If you are set on a career in music, be passionate – that’s the only way you will be able to do your best.
I often refer my pupils to David Cutler’s excellent “The Savvy Musician” book. It has a lot of pointers for success, focusing on the entrepreneurial side of the music business and emphasizing the value of creativity and risk.
I also like Tony Rooley’s “Performance: Revealing the Orpheus within”. It helps build up confidence and overcome nerves, showing how the performer can achieve a heightened state of self-awareness and sense of magic.
At any stage of your career, you may have to re-invent yourself; attitude is everything, and you are only limited by lack of imagination! That’s why I am optimistic that we will get things going.
How did you keeping yourself usefully occupied and sane under lockdown?
Once lockdown ended there was a lot less travel for a while, but I am not going to miss it. In fact travel restrictions are probably good for one’s health, and I am certainly not as tired as I used to be!
But things became busier professionally. For example I took part in The Polyphonic Concert Club, a project initiated and managed by Robert Hollingworth and Polyphonic Films, comprising six filmed online chamber recitals including I Fagiolini and Red Priest, which available as a livestream We played a selection of “vintage” pieces which were screened at that time..
That interview, and a very positive Music In Portsmouth review, written by Chris Linford, of a concert of performance by Julia Bishop recently delivered in the area has introduced me to a musican I shall certainly listen out for in the future.

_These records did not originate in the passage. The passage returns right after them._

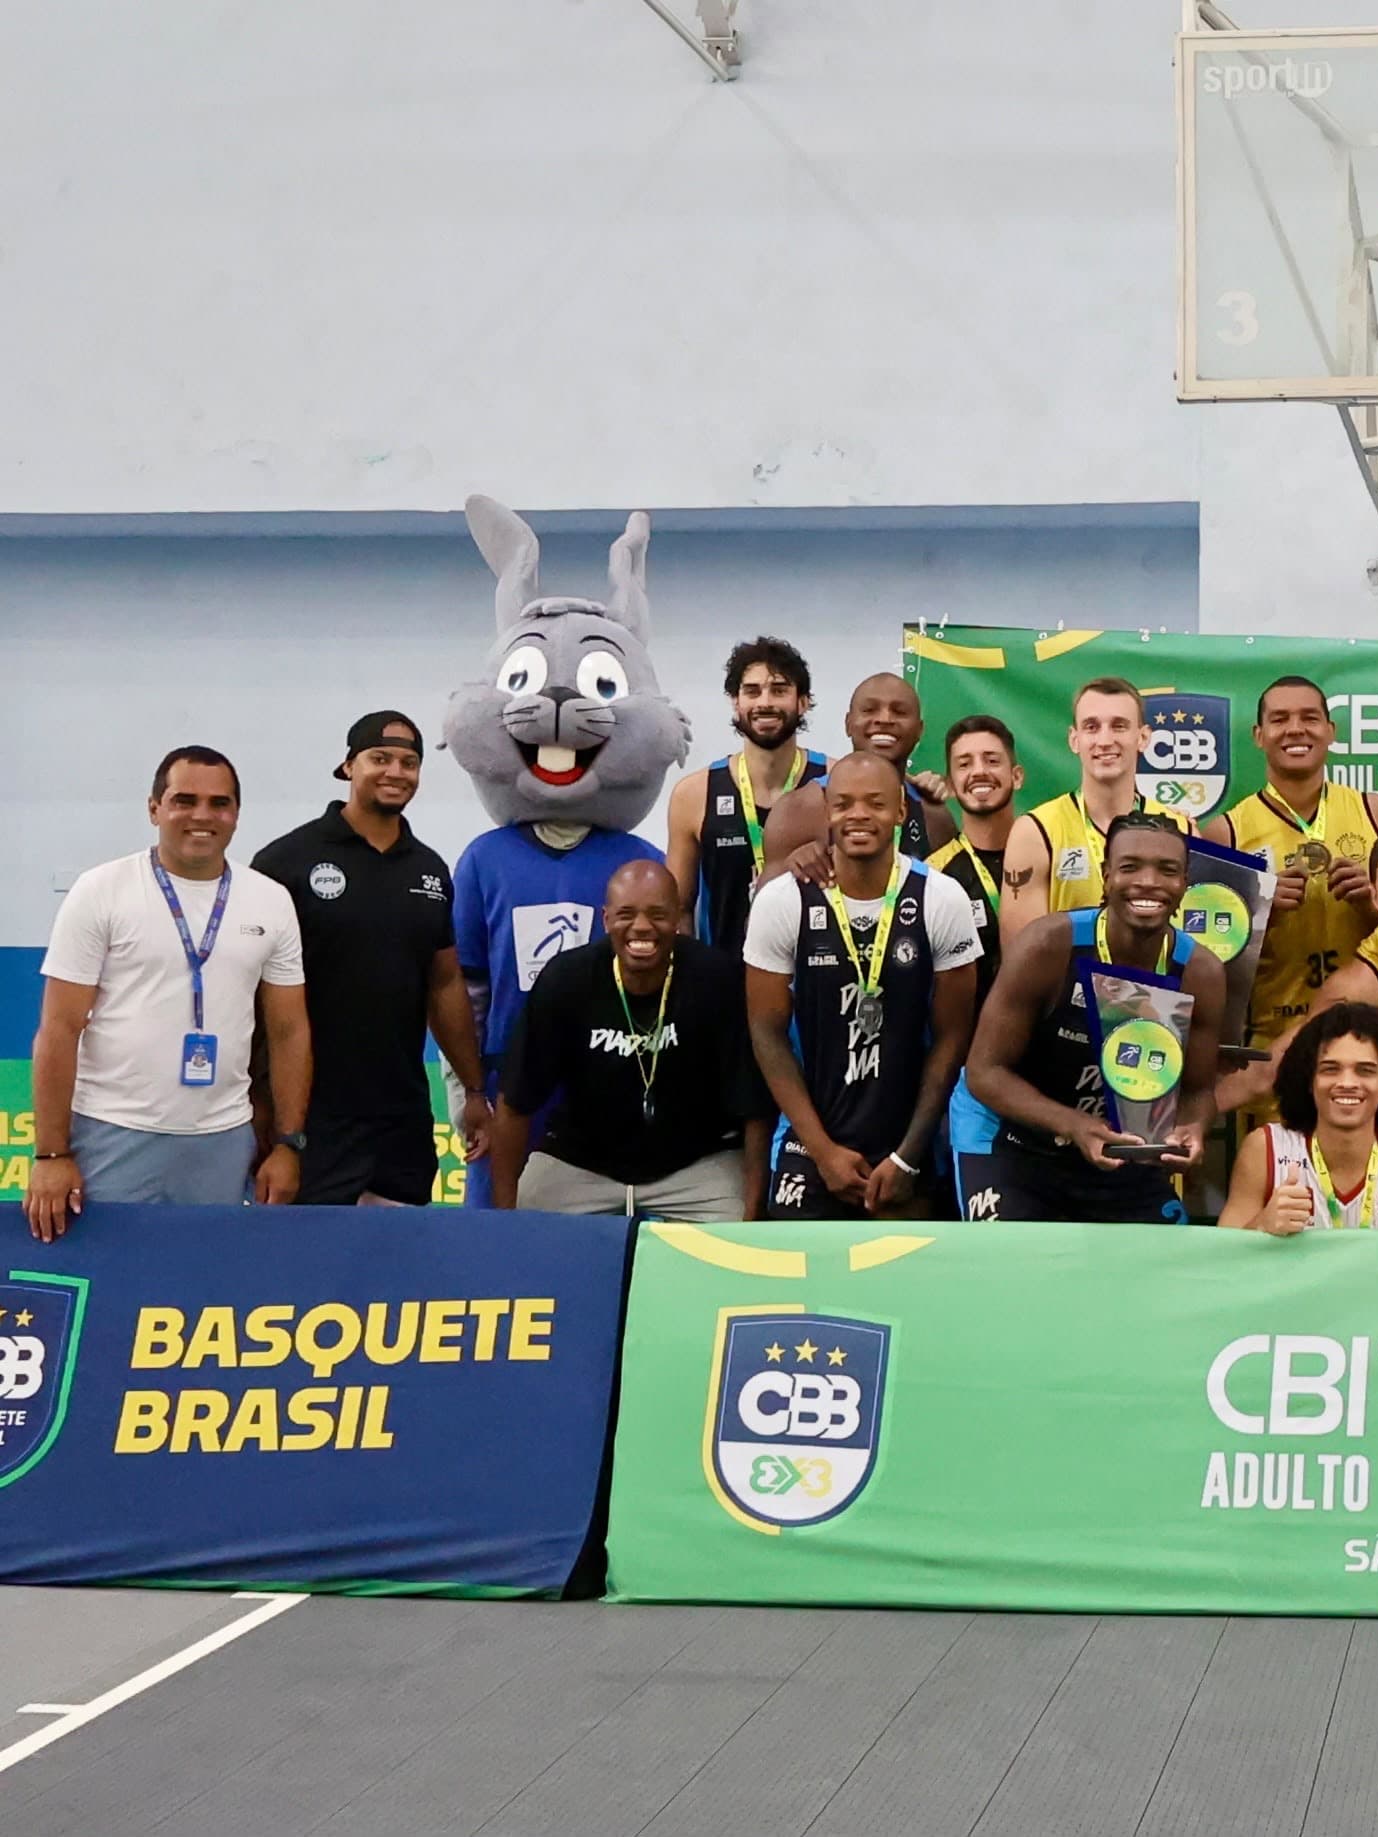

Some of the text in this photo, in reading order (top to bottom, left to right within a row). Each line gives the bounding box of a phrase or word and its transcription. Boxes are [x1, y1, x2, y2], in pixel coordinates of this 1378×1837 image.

[1215, 291, 1259, 346] 3
[1143, 729, 1218, 771] CBB
[314, 875, 342, 885] FPB
[130, 1298, 555, 1378] BASQUETE
[737, 1370, 862, 1440] CBB
[1206, 1334, 1370, 1437] CBI
[114, 1386, 393, 1454] BRASIL
[1200, 1451, 1370, 1512] ADULTO

However, there are other items and photographs all along the drop down menu on the site. Naturally they promote forthcoming events giving a brief preview of the acts scheduled to perform. I chose the example below because once again this about an act I had until now been unaware.
This was a preview of am intriguingly titled a cappella’ group, The Free Radicals, prior to their special concert that subsequently delivered in aid of relief work in Ukraine on Wednesday evening in St. Peter’s Church, Petersfield on Wednesday 5 April at 7.30pm.

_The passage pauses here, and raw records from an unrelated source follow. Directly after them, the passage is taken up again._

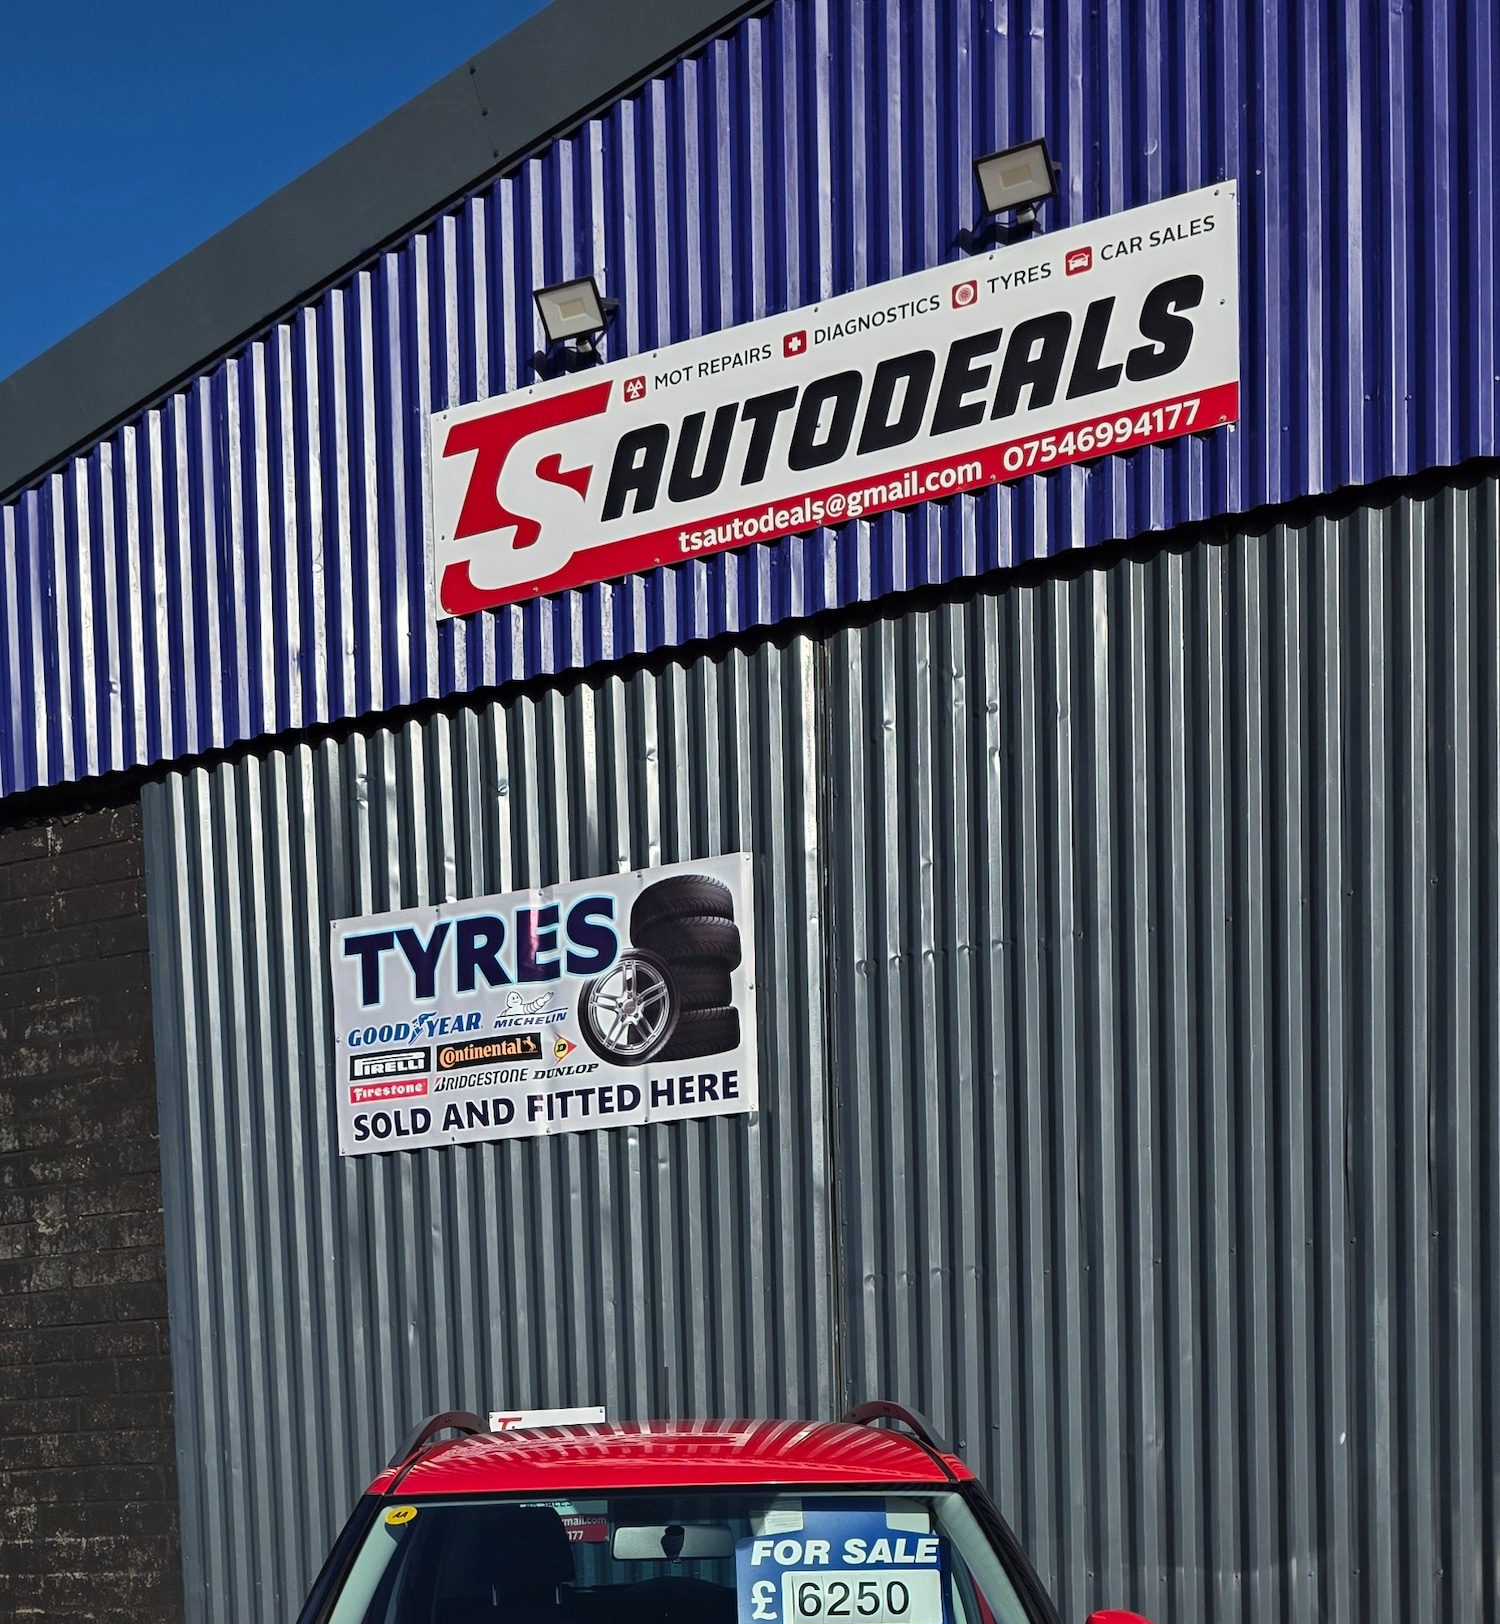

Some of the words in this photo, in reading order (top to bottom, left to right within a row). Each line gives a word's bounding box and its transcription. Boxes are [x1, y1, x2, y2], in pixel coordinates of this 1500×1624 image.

[654, 368, 694, 391] MOT
[698, 343, 773, 378] REPAIRS
[813, 294, 941, 345] DIAGNOSTICS
[986, 261, 1052, 295] TYRES
[1100, 236, 1144, 263] CAR
[1149, 214, 1216, 248] SALES
[600, 274, 1204, 522] AUTODEALS
[678, 459, 983, 553] tsautodeals@gmail.com
[1003, 398, 1201, 472] 07546994177
[344, 898, 617, 1006] TYRES
[494, 1011, 567, 1028] MICHELIN
[353, 1051, 426, 1077] PIRELLI
[439, 1037, 522, 1068] Continental
[433, 1068, 528, 1092] BRIDGESTONE
[532, 1063, 599, 1080] DUNLOP
[353, 1083, 424, 1102] Firestone
[353, 1107, 431, 1141] SOLD
[442, 1099, 515, 1131] AND
[527, 1083, 641, 1122] FITTED
[651, 1070, 740, 1107] HERE
[751, 1540, 831, 1566] FOR
[842, 1538, 940, 1564] SALE
[751, 1580, 778, 1620] £
[798, 1580, 909, 1617] 6250

Much as I would have loved to have hopped into my private plane and fly back to my former homeland in the UK from the lanzarote island I have lived on now for eight years of a well deserved retirement, I could only hope that perhaps our intrepid researches DCI Detours and Superintendent Sidetracks, who live in the Portsmouth area, might attend and review for us !
THE FREE RADICALS
Lent Concert For Ukraine 2023
The Free Radicals have collected a set of some of the richest church music written for the season of Lent to perform at their annual recital which has become a firm favourite in the Petersfield area.

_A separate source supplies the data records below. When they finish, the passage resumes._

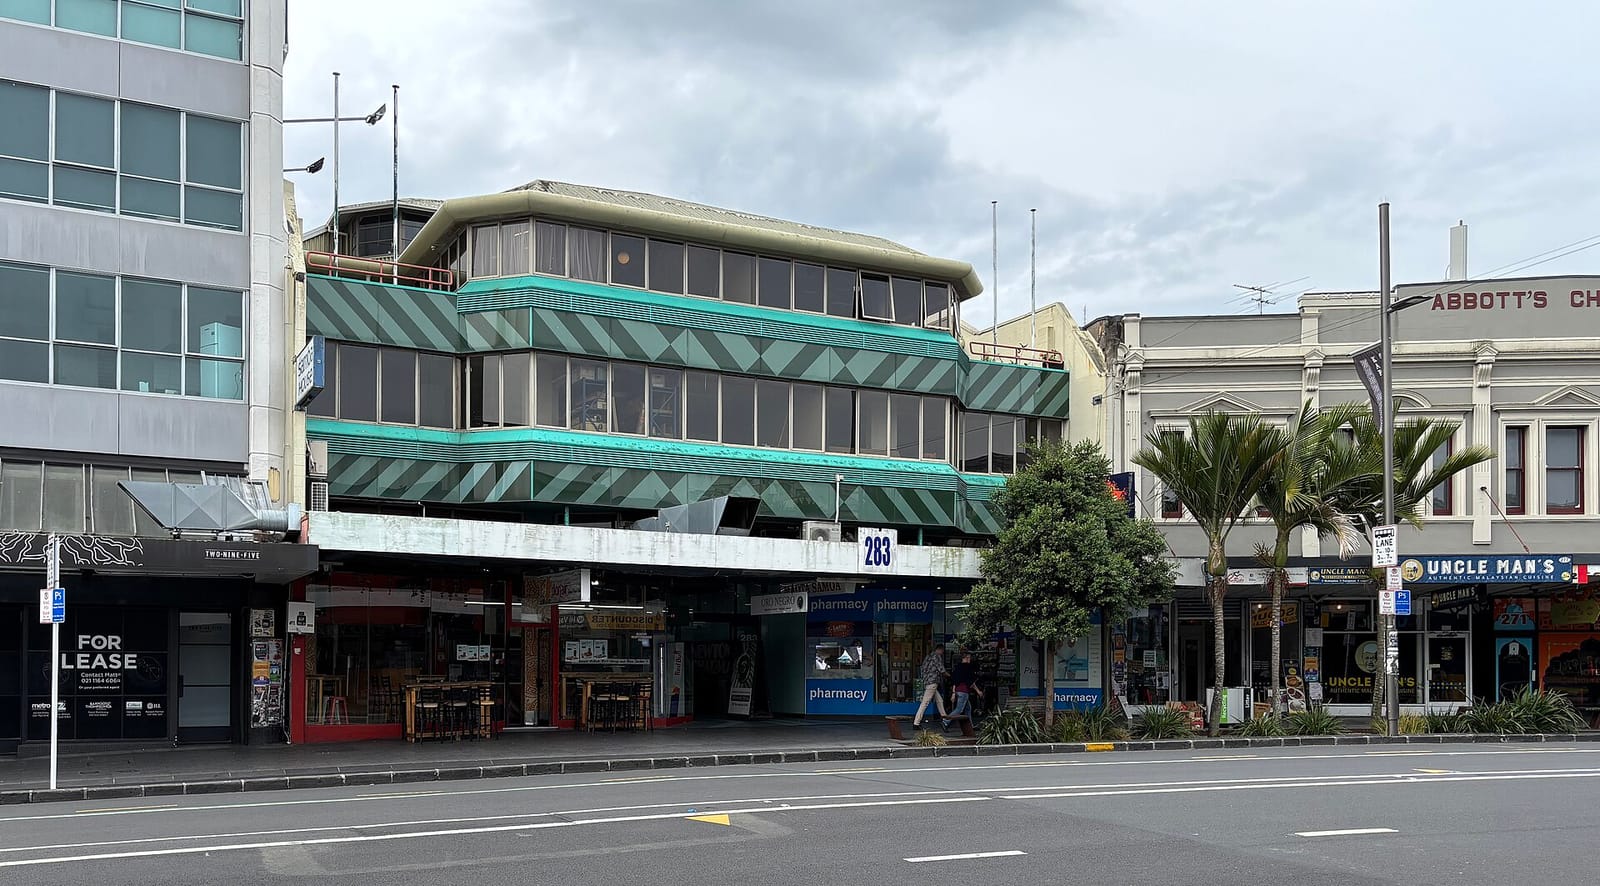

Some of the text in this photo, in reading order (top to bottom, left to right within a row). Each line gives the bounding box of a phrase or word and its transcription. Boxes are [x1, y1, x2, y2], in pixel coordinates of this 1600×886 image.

[1431, 291, 1548, 310] ABBOTT'S
[1375, 539, 1393, 547] LANE
[865, 536, 890, 566] 283
[1428, 560, 1486, 575] UNCLE
[1497, 560, 1553, 574] MAN'S
[1439, 590, 1456, 602] UNCLE
[811, 599, 868, 612] pharmacy
[877, 598, 928, 612] pharmacy
[1501, 614, 1527, 625] 271
[78, 635, 121, 650] FOR
[61, 653, 137, 669] LEASE
[1329, 677, 1371, 686] UNCLE
[810, 687, 867, 701] pharmacy
[1054, 693, 1097, 704] harmacy

The days leading up to Good Friday have produced some really beautiful music over the centuries and the ensemble will perform a hand-picked selection, along with some poetry. It’s lovely to listen to, even if you’re not a believer. The event will be quiet, contemplative and uplifting, and lasts for less than one hour.
The concert is free to enter and it is hoped that people will want to make a donation at the end to support a local charity, The Ukraine Christian Partnership, which has been working with Ukrainian communities for years, and is now supporting families there who are in the most desperate circumstances as a result of the war.